Un campo que no ha dejado de proveer a los supermercados de todos esos alimentos que llenan nuestras neveras y nos recuerdan la importancia de contar con un tejido productivo autosuficiente en lo esencial para que no nos vuelva a pasar como con la industria sanitaria, que por su deslocalización ha dejado a cuerpo descubierto nuestra primera línea de combate.
Y hablando de deslocalización eso es lo que temen las grandes ingenierías españolas que ya ven cerca una crisis de inversión en infraestructuras civiles similar a la de 2008. Las nuevas prioridades que ha puesto sobre la mesa el coronavirus hará más complicado todavía apostar por la adaptación de carreteras, puertos, presas, líneas de ferrocarril a un cambio climático para el que no están preparadas y que pondrán a prueba nuestra resiliencia cuando el planeta vuelva a quejarse de sus dolencias.

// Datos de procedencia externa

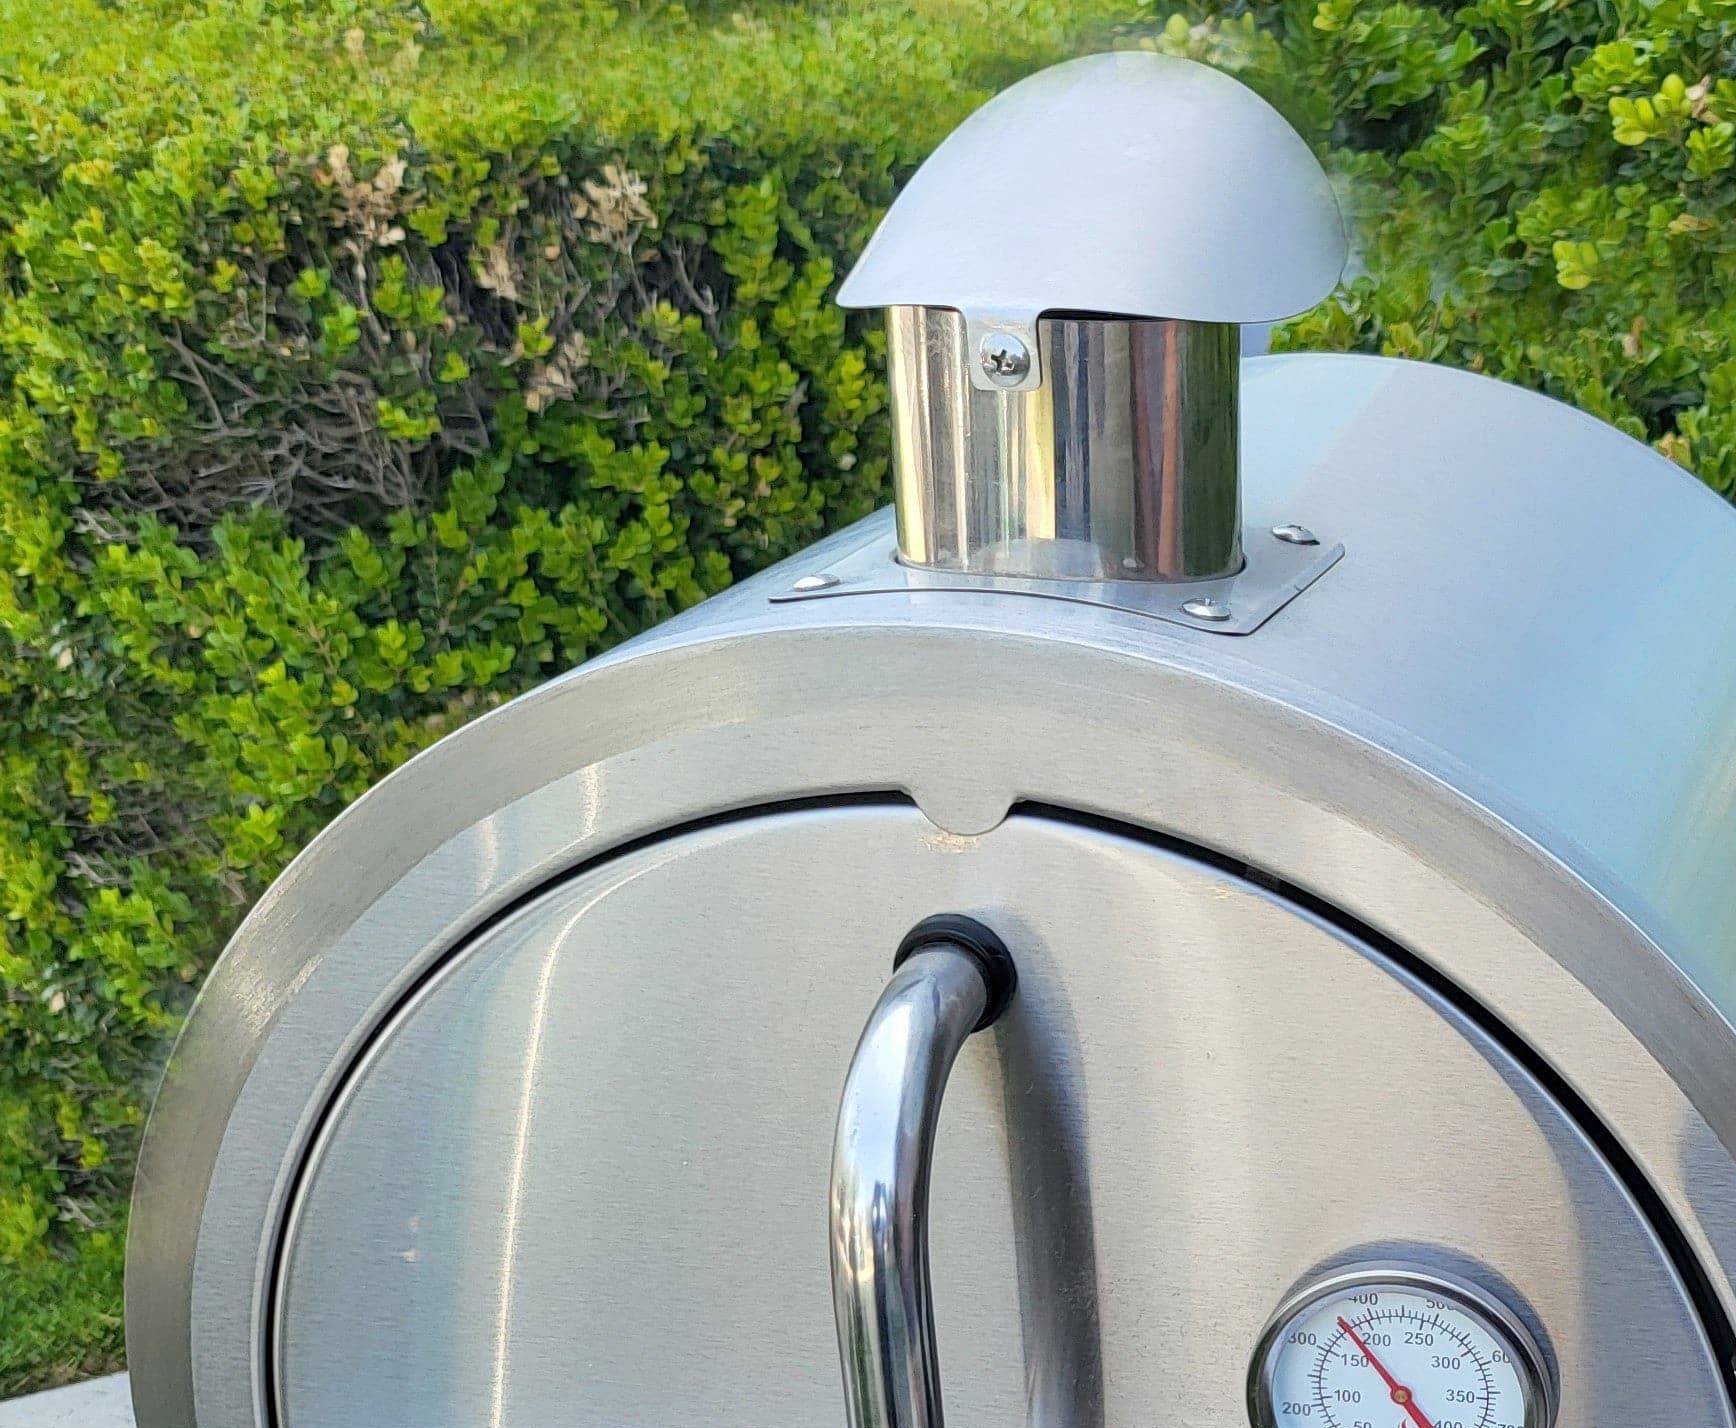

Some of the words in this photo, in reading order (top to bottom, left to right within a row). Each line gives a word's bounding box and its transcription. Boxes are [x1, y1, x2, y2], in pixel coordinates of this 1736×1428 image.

Y la ciencia a mil corre en busca de la vacuna, vacuna para la enfermedad y para las secuelas económicas. Se esfuerza en conocer un virus enigmático que va arrasando en todo el mundo, un virus que prefiere el frío y que se debilita con calor y humedad como anticipa la Agencia Estatal de Meteorología; un virus matemático un virus de origen animal que nos recuerda lo que somos.
Y una ciencia que se esfuerza en buscar soluciones digitales para controlar esta y futuras pandemias, porque ya nada será igual y aunque dejemos de salir al balcón para relajar los miedos y comulgar con el resto de los vecinos en los que ahora reparamos, la realidad será distinta, la forma de relacionarnos también y el miedo tardará en salir de nuestras vidas aunque nosotros salgamos por fin de nuestras casas.